Task brief -
Strip out all images, then restate the data verbatim.

Dataset entries -

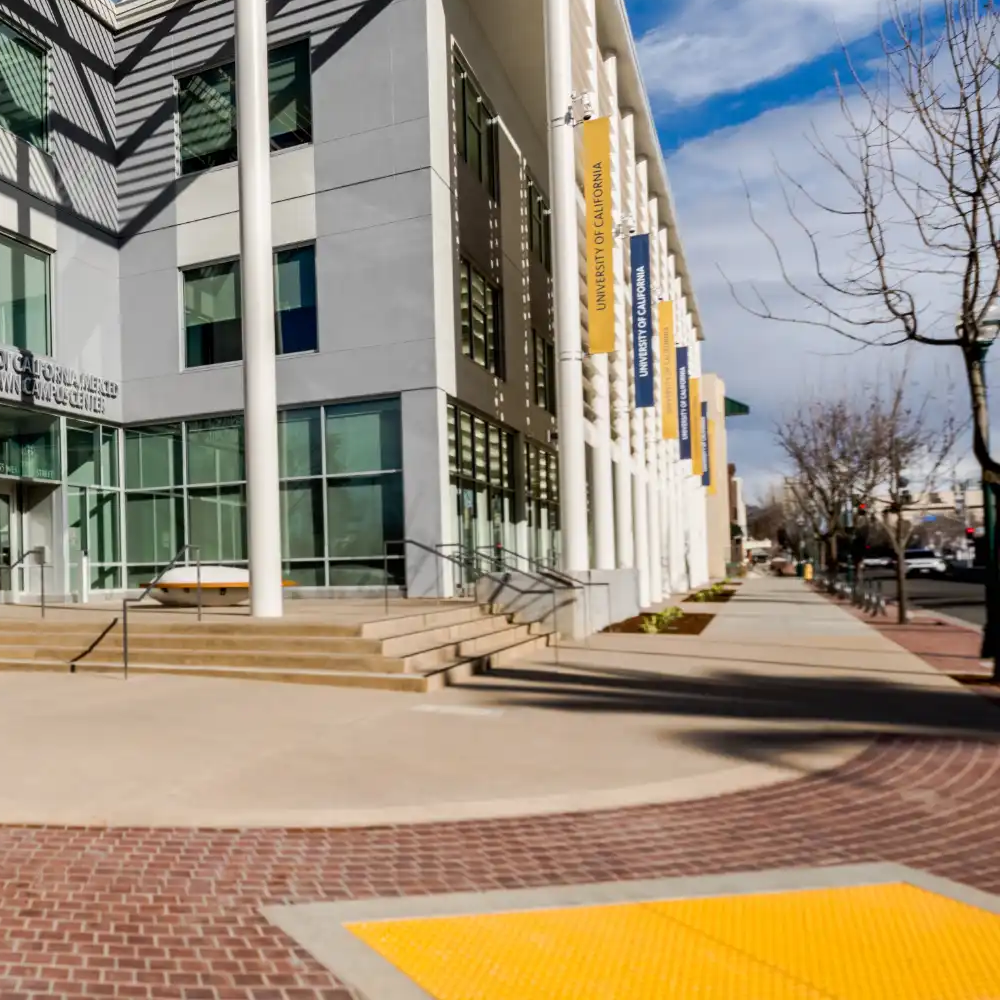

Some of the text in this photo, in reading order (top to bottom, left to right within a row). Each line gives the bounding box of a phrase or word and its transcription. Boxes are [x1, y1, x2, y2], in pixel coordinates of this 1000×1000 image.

[592, 161, 605, 311] UNIVERSITY OF CALIFORNIA
[635, 265, 649, 377] UNIVERSITY OF CALIFORNIA
[21, 376, 68, 407] CAMPUS
[67, 388, 105, 415] CENTER
[79, 372, 119, 400] MERCED
[679, 366, 689, 442] UNIVERSITY OF CALIFORNIA

Reply to the exercise -
Some of the text in this photo, in reading order (top to bottom, left to right within a row). Each line gives the bounding box of a phrase or word and its transcription. Boxes are [x1, y1, x2, y2], in pixel coordinates of this 1000×1000 image.

[592, 161, 605, 311] UNIVERSITY OF CALIFORNIA
[635, 265, 649, 377] UNIVERSITY OF CALIFORNIA
[21, 376, 68, 407] CAMPUS
[67, 388, 105, 415] CENTER
[79, 372, 119, 400] MERCED
[679, 366, 689, 442] UNIVERSITY OF CALIFORNIA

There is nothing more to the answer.